Undeclared Variable Reparation, An Epic Journey In a Compiler – Part II

Part II – The Return Journey

undeclvar

Welcome to the next step in the compiler journey.

As a simple recap, we were compiling baz := 42 in a
method bar, except that baz is not declared.
We are currently in
OCSemanticWarning>>#defaultAction, the default action
of an uncaught Notification, that is ready to open a graphical menu by
calling openMenuIn:.

OCUndeclaredVariableWarning>>#openMenuIn:

The method is long; let us review it in small pieces.

openMenuIn: aBlock
    | alternatives labels actions lines caption choice name interval requestor |

A bunch of temporary variables.

    "Turn off suggestions when in RubSmalltalkCommentMode
    This is a workaround, the plan is to not do this as part of the exception"
    requestor := compilationContext requestor.
    ((requestor class name = #RubEditingArea) and: [
        requestor editingMode class name = #RubSmalltalkCommentMode])
                    ifTrue: [ ^UndeclaredVariable named: node name ].
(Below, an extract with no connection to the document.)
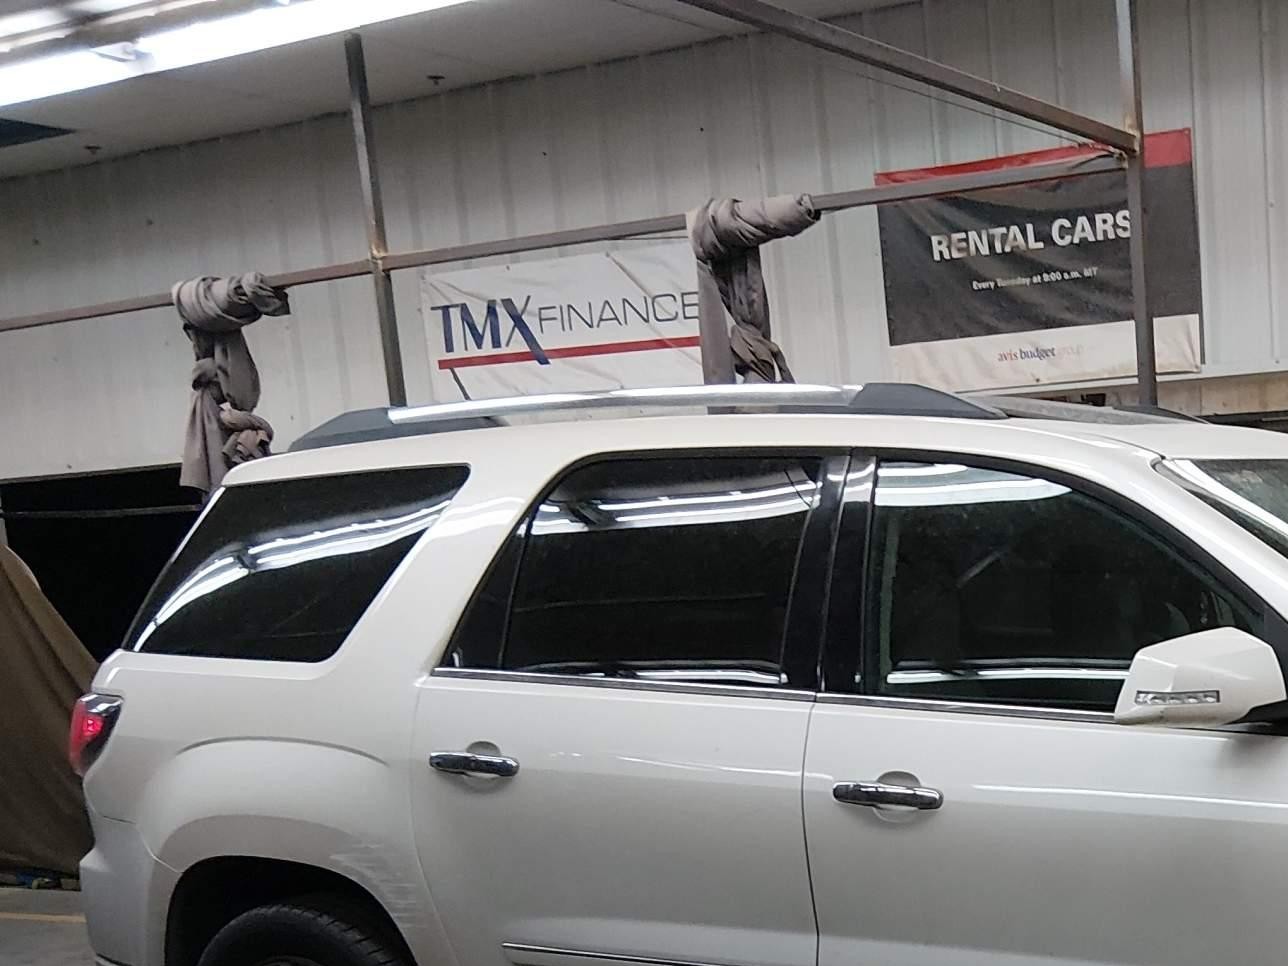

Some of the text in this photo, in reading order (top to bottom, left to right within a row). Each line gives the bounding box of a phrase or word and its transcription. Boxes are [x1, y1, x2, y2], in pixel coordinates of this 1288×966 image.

[930, 209, 1131, 262] RENTAL CARS
[430, 290, 700, 366] TMX FINANCE
These are some type checks. Type checks are usually bad. Those are
bad.

They prevent the menu thing if the requestor is a
RubEditingArea in a RubSmalltalkCommentMode
“mode”. Where RubSmalltalkCommentMode is used?

  • By ClyRichTextClassCommentEditorToolMorph, which seems
    never used in the system (dead class?)
  • By RubEditingArea>>#beForSmalltalkComment, that
    is called only by FileList, a basic file explorer, but it’s
    not clear when or why the compiler is called by the file explorer, nor
    why a “workaround” is needed here (quite deep) in the compiler
    especially since it’s the only workaround of this type in the whole
    source code for RubEditingArea or
    RubSmalltalkCommentMode.

It could be just dead code, so less problematic: a dead workaround is
a less technical dept than a live one. It also illustrates why type
checks can be bad; it reverses the responsibility:
RubEditingArea and RubSmalltalkCommentMode
here are not involved at all in the workaround, so code evolution
related to one of these two classes might likely miss the present
hack.

Moreover, such a workaround is fragile. The compiler should not care
about specific clients, and especially not care about their names, and
should behave equitably. E.g. imagine renaming classes or using
subclasses of the blacklisted ones, they could likely pass the check and
cause really subtle bugs.

Anyway, let us continue with the method:

    interval := node sourceInterval.
    name := node name.
    alternatives := self possibleVariablesFor: name.
    labels := OrderedCollection new.
    actions := OrderedCollection new.
    lines := OrderedCollection new.

All those are the initialization of the temporary variables.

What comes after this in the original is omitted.